((
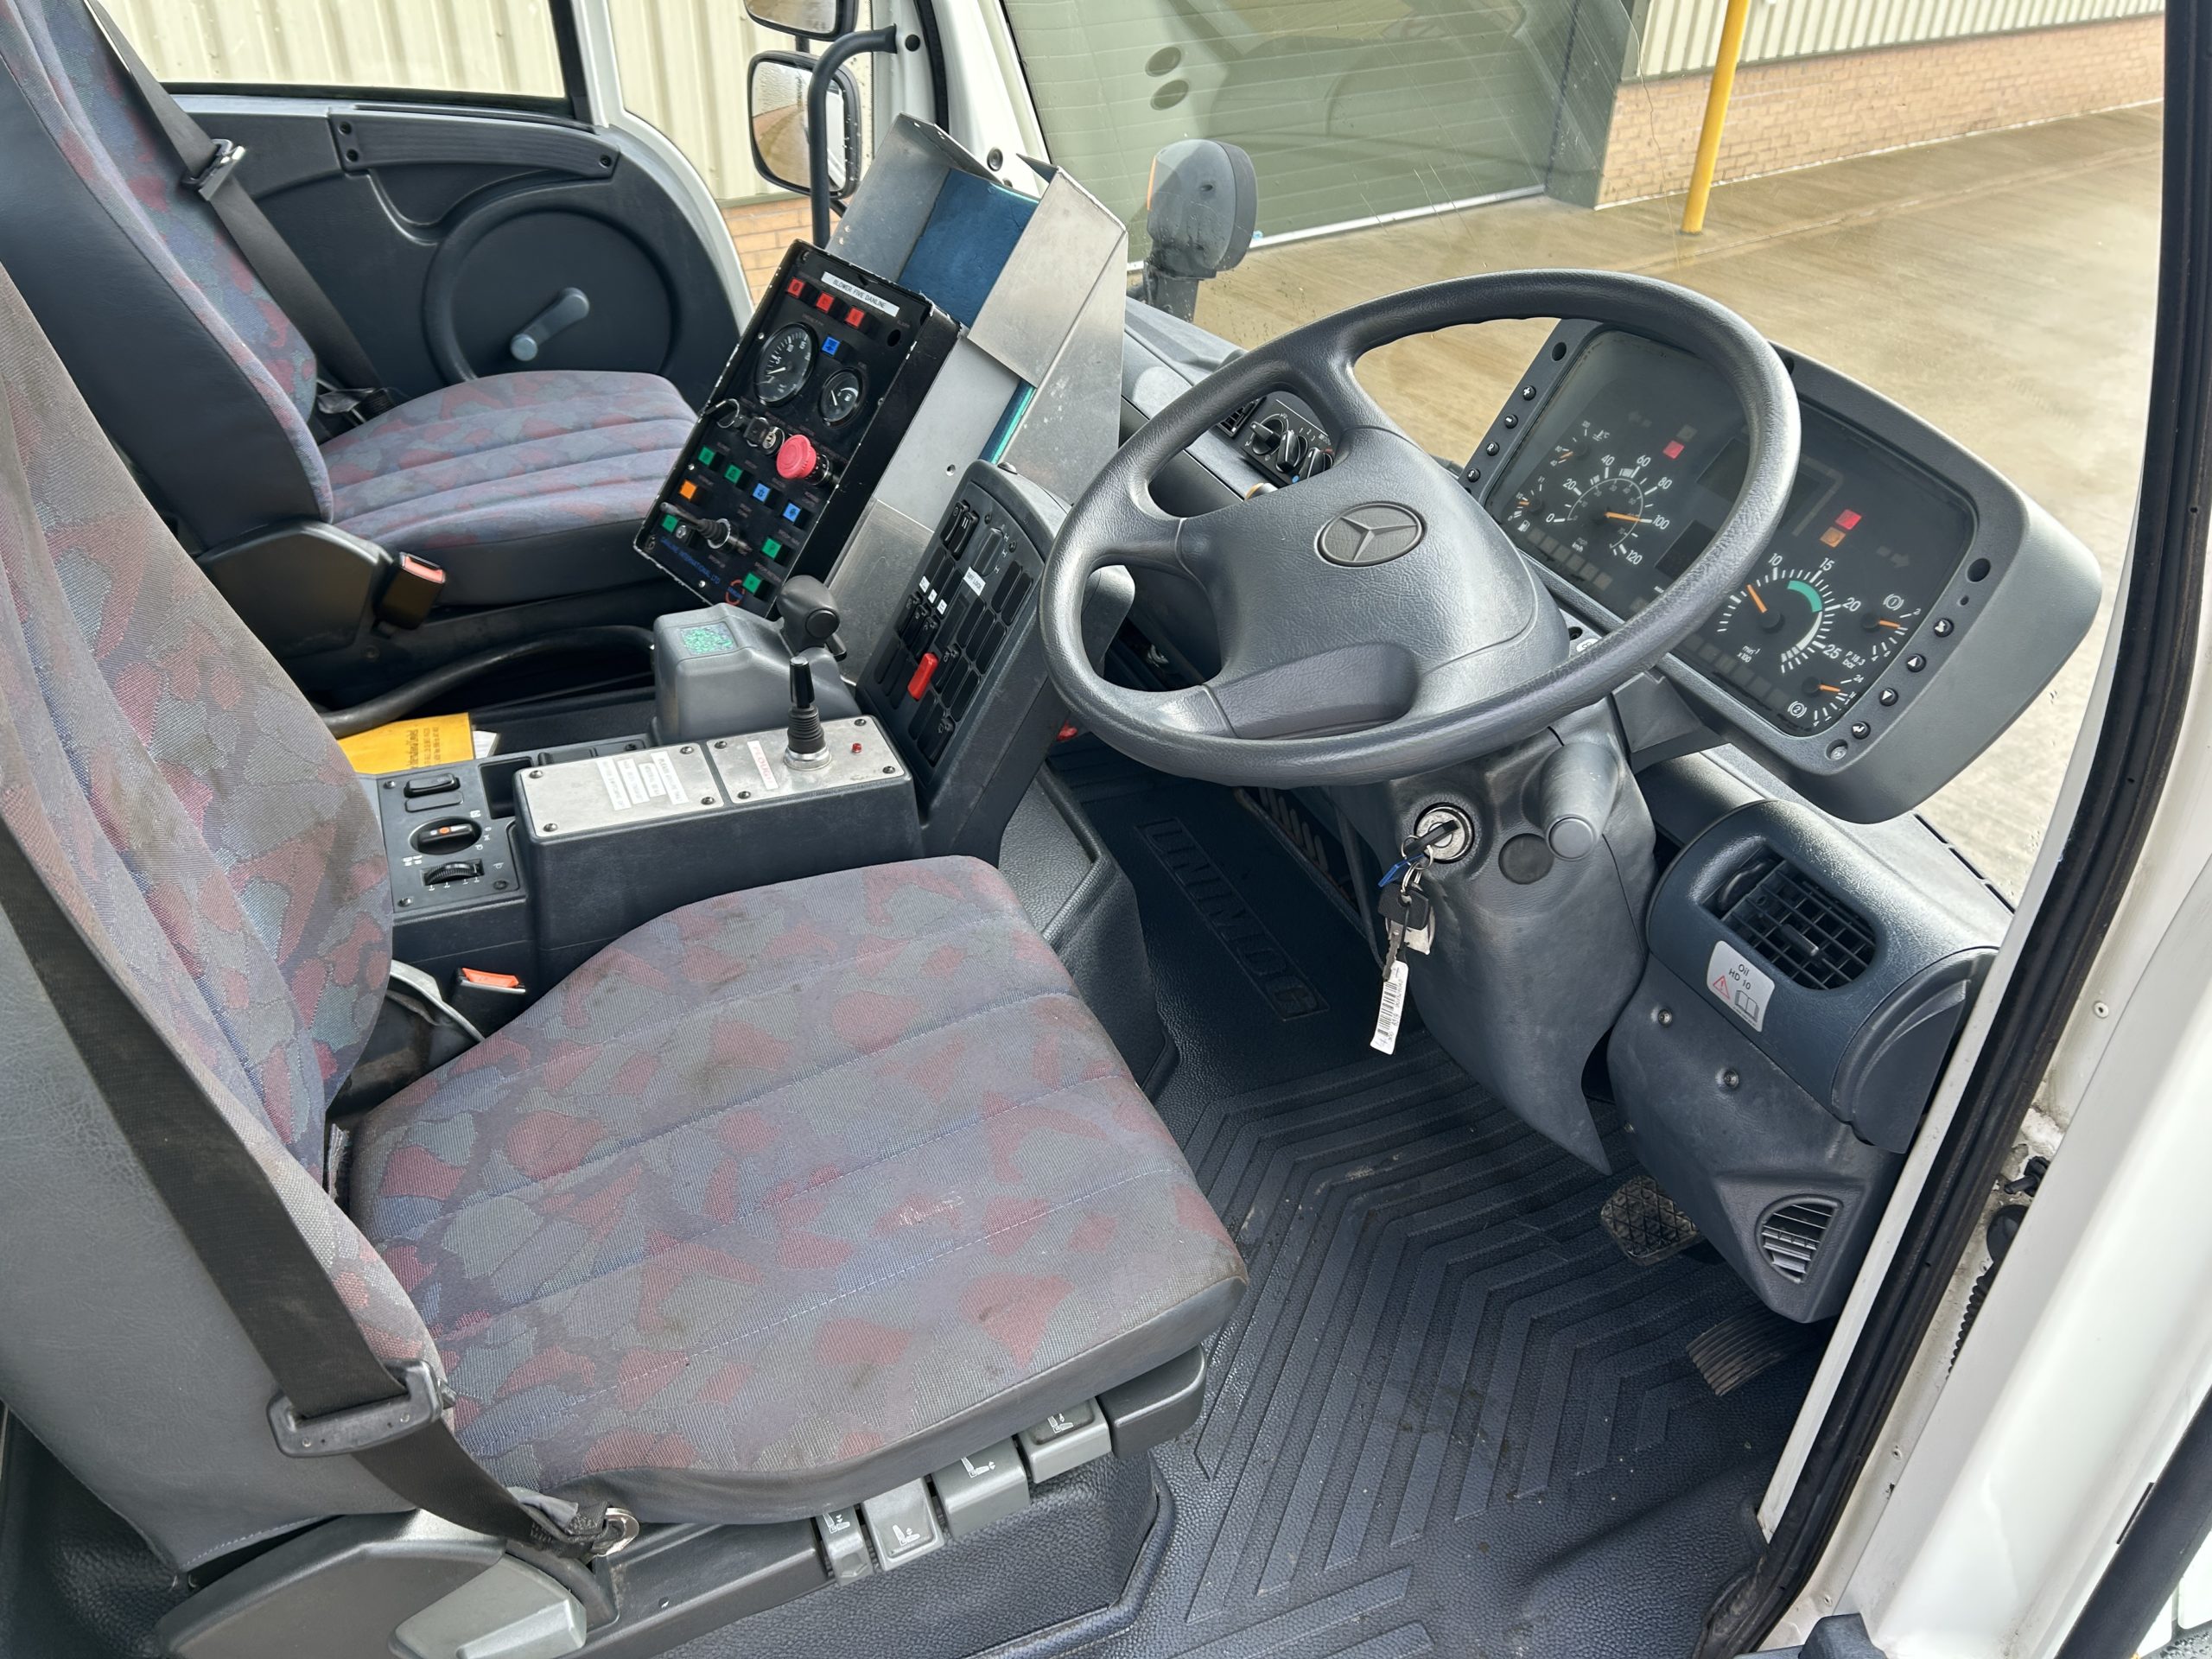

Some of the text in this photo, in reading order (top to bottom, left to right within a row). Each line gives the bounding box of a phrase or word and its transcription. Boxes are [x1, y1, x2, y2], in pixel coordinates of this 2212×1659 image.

[833, 279, 852, 293] BLOWER
[854, 289, 865, 299] FIVE
[864, 294, 886, 308] DANLINE
[1601, 454, 1615, 466] 40
[1637, 455, 1651, 467] 60
[1563, 478, 1576, 490] 20
[1658, 477, 1672, 490] 80
[1546, 514, 1554, 523] 0
[1652, 517, 1669, 530] 100
[1626, 550, 1643, 564] 120
[1768, 552, 1783, 566] 10
[1819, 557, 1835, 571] 15
[1842, 597, 1861, 612] 20
[1737, 652, 1751, 663] x100
[1823, 644, 1842, 659] 25
[1842, 658, 1856, 669] bar
[1853, 674, 1864, 683] 24
[753, 745, 772, 782] PLOUGH
[1142, 820, 1319, 1014] UNIMOG
[1738, 963, 1750, 976] Oil
[1728, 968, 1751, 990] HD 10
))
*Problem to solve*
Pictures do not belong in the copy. Please reproduce the entries above exactly otherwise.

*Response area*
Some of the text in this photo, in reading order (top to bottom, left to right within a row). Each line gives the bounding box of a phrase or word and its transcription. Boxes are [x1, y1, x2, y2], in pixel coordinates of this 2212×1659 image.

[833, 279, 852, 293] BLOWER
[854, 289, 865, 299] FIVE
[864, 294, 886, 308] DANLINE
[1601, 454, 1615, 466] 40
[1637, 455, 1651, 467] 60
[1563, 478, 1576, 490] 20
[1658, 477, 1672, 490] 80
[1546, 514, 1554, 523] 0
[1652, 517, 1669, 530] 100
[1626, 550, 1643, 564] 120
[1768, 552, 1783, 566] 10
[1819, 557, 1835, 571] 15
[1842, 597, 1861, 612] 20
[1737, 652, 1751, 663] x100
[1823, 644, 1842, 659] 25
[1842, 658, 1856, 669] bar
[1853, 674, 1864, 683] 24
[753, 745, 772, 782] PLOUGH
[1142, 820, 1319, 1014] UNIMOG
[1738, 963, 1750, 976] Oil
[1728, 968, 1751, 990] HD 10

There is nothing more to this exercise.